Matthew Stafford takes a huge hit in the final 8 seconds of the game that leaves him moaning in pain on the field. The trainer rushes onto the field, kneels down, and asks, “Are you alright?” Stafford indignantly shouts, “Yeah, get the fuck off me!” He shoots up and jogs down the field with every intention to score the winning touchdown. A couple second later, cradling his arm and clearly in a significant amount of pain, he reconsiders as the trainers convince him to come off the field. Stafford jogs to the sidelines and then collapses, first to his knees, and then onto his back. He lies there for about 30 seconds, and then demands to be helped up, insisting that he’s fine, and once again telling the training staff to “get the fuck off”. He runs to the coach, with no weakness in his stride and without displaying the obvious pain to his shoulder, and says, “I can throw the ball if you need me to.” Matthew Stafford goes in and then throws the winning touchdown pass. (If you want to watch the video, check it out here.)

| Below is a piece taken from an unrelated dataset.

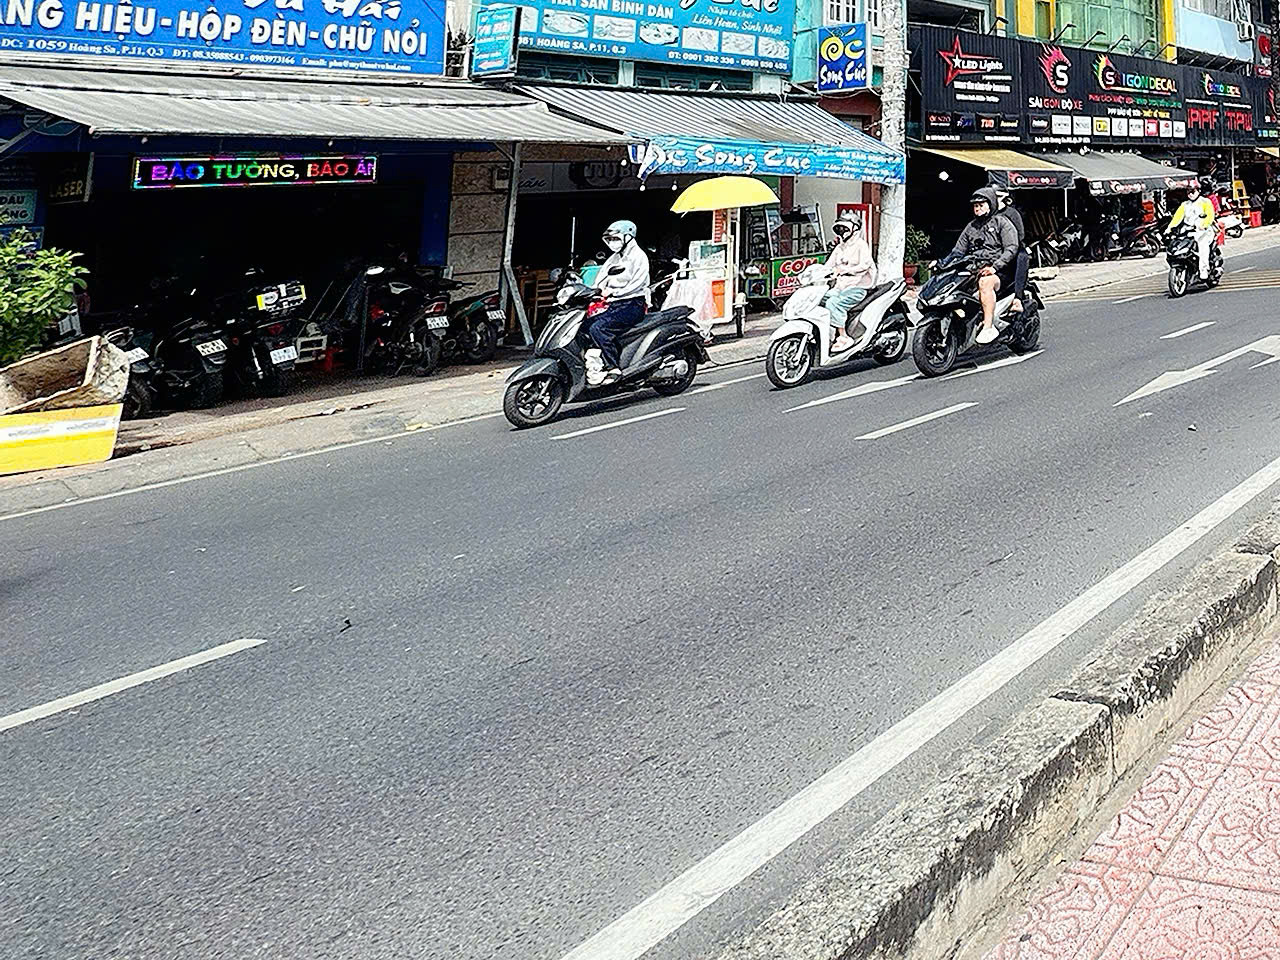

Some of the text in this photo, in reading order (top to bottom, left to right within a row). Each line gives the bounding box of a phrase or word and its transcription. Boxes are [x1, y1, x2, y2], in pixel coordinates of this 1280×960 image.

DESPITE the pain, despite his body obviously telling him no, Stafford goes in and does what he has to do because he is working for something greater than himself. He’s fighting for his team. He’s fighting for the city he represents. His personal health does not even come close in importance to everything else around him.
Why am I telling you this story? Because yoga generally doesn’t encourage people to push their limits as Matthew Stafford did in the above story. The struggle and perseverance aspects of sports that I grew up on and love is all but absent in yoga world. Yoga instructors emphasize not pushing your boundaries, being fine with where you are, and respecting your limits. And that will never resonate me, because it’s not who I am. And because I know that there other people out there like me, I created a brand of yoga that will emphasize pushing your limits. I don’t believe that you should ever be satisfied with where you are. There is always more to do. The struggle for progress is what drives me, and I instill that into my yoga classes, the brand of Man Flow Yoga, and my own life.
The counter-argument to my mentality is that people will get injured with that mentality. They will push too hard. I’m not going to say that there is no risk of injury if you approach physical fitness with that mentality, but with higher risk comes higher reward. I’m not advocating that you attempt the splits after doing a week of yoga (shout out to my brother who actually did this at the retreat in Roatan and tore his hip flexor. It’s okay though, he’s better now.) I AM advocating that you push yourself beyond what you know your limits are. How else does growth occur, if not by testing limits and pushing outside your comfort zone?
Let’s push ourselves beyond our limits. Let’s aim for growth through consistent, 100% effort. This is Man Flow Yoga. It’s a workout, not a therapy session. I don’t want to accept myself as I am because I want to keep growing. I want to see progress. And I’m assuming that because you’re reading this… you are too.